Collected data
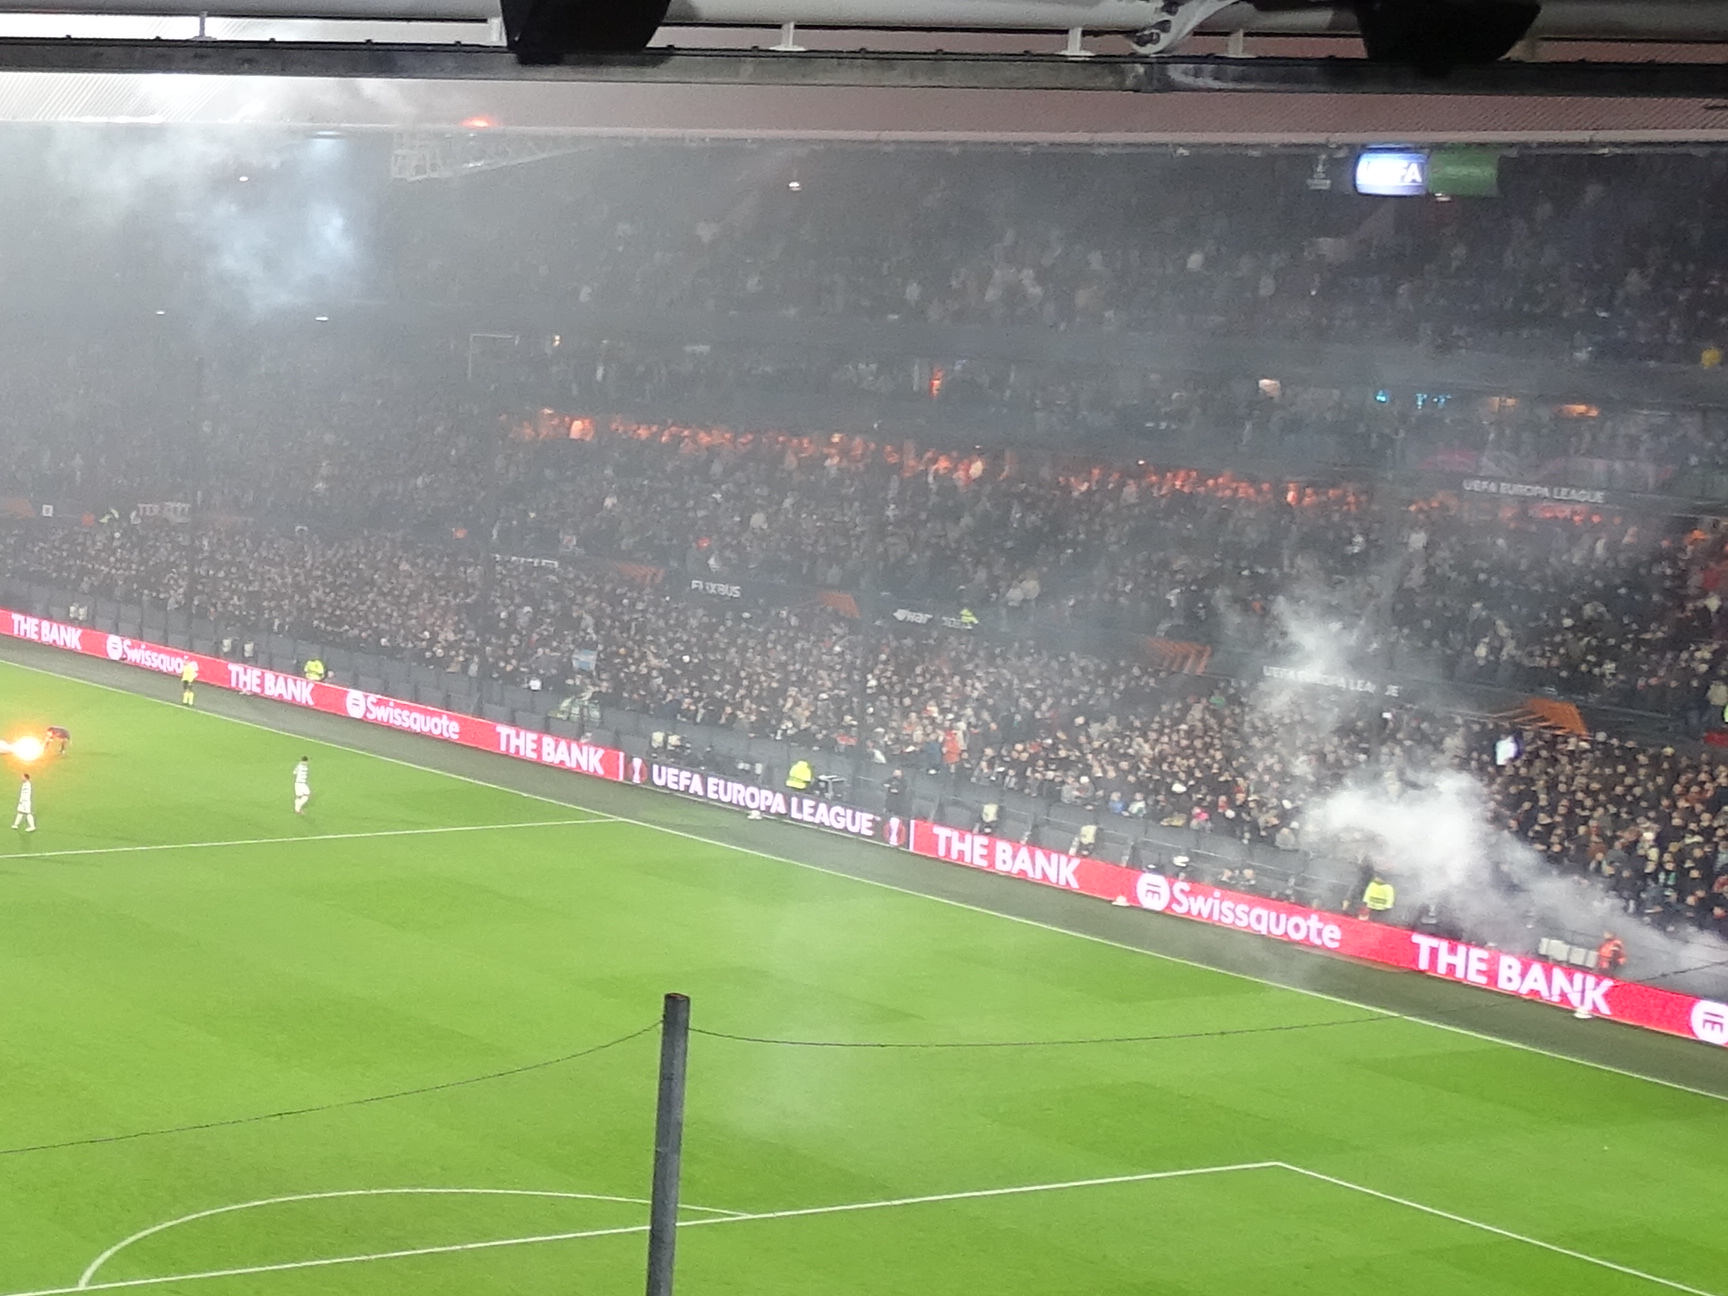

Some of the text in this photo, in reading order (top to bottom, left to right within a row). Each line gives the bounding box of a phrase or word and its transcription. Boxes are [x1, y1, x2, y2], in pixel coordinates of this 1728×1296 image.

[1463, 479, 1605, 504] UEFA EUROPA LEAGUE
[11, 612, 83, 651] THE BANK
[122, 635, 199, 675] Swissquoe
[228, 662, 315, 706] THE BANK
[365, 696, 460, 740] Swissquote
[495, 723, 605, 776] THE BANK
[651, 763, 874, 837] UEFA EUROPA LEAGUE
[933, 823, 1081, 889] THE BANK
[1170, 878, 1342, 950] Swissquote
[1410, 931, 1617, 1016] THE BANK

__Required action__: Reproduce all the records verbatim, excluding images.

__Reply to the task__:
Some of the text in this photo, in reading order (top to bottom, left to right within a row). Each line gives the bounding box of a phrase or word and its transcription. Boxes are [x1, y1, x2, y2], in pixel coordinates of this 1728×1296 image.

[1463, 479, 1605, 504] UEFA EUROPA LEAGUE
[11, 612, 83, 651] THE BANK
[122, 635, 199, 675] Swissquoe
[228, 662, 315, 706] THE BANK
[365, 696, 460, 740] Swissquote
[495, 723, 605, 776] THE BANK
[651, 763, 874, 837] UEFA EUROPA LEAGUE
[933, 823, 1081, 889] THE BANK
[1170, 878, 1342, 950] Swissquote
[1410, 931, 1617, 1016] THE BANK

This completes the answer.